◆ **Assignment**:
Print out the entries exactly, and include each one.

◆ **Input data**:
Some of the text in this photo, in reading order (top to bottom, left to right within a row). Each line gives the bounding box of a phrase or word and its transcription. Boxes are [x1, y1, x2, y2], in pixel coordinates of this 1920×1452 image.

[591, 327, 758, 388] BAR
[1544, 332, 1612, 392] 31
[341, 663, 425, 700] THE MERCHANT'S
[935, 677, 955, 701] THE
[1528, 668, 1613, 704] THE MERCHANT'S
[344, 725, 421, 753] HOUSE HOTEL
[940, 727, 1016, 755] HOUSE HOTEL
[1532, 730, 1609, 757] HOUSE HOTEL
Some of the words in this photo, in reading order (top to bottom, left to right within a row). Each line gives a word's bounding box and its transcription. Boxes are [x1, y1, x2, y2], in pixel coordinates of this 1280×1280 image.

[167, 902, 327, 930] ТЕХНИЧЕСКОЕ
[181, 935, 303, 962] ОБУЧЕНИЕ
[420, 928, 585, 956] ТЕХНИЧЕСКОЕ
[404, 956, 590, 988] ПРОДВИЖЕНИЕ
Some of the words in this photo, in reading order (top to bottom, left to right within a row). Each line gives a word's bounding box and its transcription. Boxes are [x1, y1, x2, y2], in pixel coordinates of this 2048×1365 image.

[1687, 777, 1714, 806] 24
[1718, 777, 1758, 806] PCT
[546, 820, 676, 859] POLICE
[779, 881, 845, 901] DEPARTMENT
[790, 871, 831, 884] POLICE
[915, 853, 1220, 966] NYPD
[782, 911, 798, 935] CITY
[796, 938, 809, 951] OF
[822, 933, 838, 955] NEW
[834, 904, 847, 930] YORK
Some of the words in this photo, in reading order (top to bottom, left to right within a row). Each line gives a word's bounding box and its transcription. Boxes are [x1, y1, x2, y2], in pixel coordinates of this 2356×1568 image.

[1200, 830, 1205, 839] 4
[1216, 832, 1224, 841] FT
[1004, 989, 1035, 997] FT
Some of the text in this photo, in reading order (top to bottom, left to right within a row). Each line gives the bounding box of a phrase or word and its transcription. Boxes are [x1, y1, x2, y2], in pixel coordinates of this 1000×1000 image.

◆ **Finished task**:
Some of the text in this photo, in reading order (top to bottom, left to right within a row). Each line gives the bounding box of a phrase or word and its transcription. Boxes are [x1, y1, x2, y2], in pixel coordinates of this 1920×1452 image.

[591, 327, 758, 388] BAR
[1544, 332, 1612, 392] 31
[341, 663, 425, 700] THE MERCHANT'S
[935, 677, 955, 701] THE
[1528, 668, 1613, 704] THE MERCHANT'S
[344, 725, 421, 753] HOUSE HOTEL
[940, 727, 1016, 755] HOUSE HOTEL
[1532, 730, 1609, 757] HOUSE HOTEL
Some of the words in this photo, in reading order (top to bottom, left to right within a row). Each line gives a word's bounding box and its transcription. Boxes are [x1, y1, x2, y2], in pixel coordinates of this 1280×1280 image.

[167, 902, 327, 930] ТЕХНИЧЕСКОЕ
[181, 935, 303, 962] ОБУЧЕНИЕ
[420, 928, 585, 956] ТЕХНИЧЕСКОЕ
[404, 956, 590, 988] ПРОДВИЖЕНИЕ
Some of the words in this photo, in reading order (top to bottom, left to right within a row). Each line gives a word's bounding box and its transcription. Boxes are [x1, y1, x2, y2], in pixel coordinates of this 2048×1365 image.

[1687, 777, 1714, 806] 24
[1718, 777, 1758, 806] PCT
[546, 820, 676, 859] POLICE
[779, 881, 845, 901] DEPARTMENT
[790, 871, 831, 884] POLICE
[915, 853, 1220, 966] NYPD
[782, 911, 798, 935] CITY
[796, 938, 809, 951] OF
[822, 933, 838, 955] NEW
[834, 904, 847, 930] YORK
Some of the words in this photo, in reading order (top to bottom, left to right within a row). Each line gives a word's bounding box and its transcription. Boxes are [x1, y1, x2, y2], in pixel coordinates of this 2356×1568 image.

[1200, 830, 1205, 839] 4
[1216, 832, 1224, 841] FT
[1004, 989, 1035, 997] FT
Some of the text in this photo, in reading order (top to bottom, left to right within a row). Each line gives the bounding box of a phrase or word and its transcription. Boxes are [x1, y1, x2, y2], in pixel coordinates of this 1000×1000 image.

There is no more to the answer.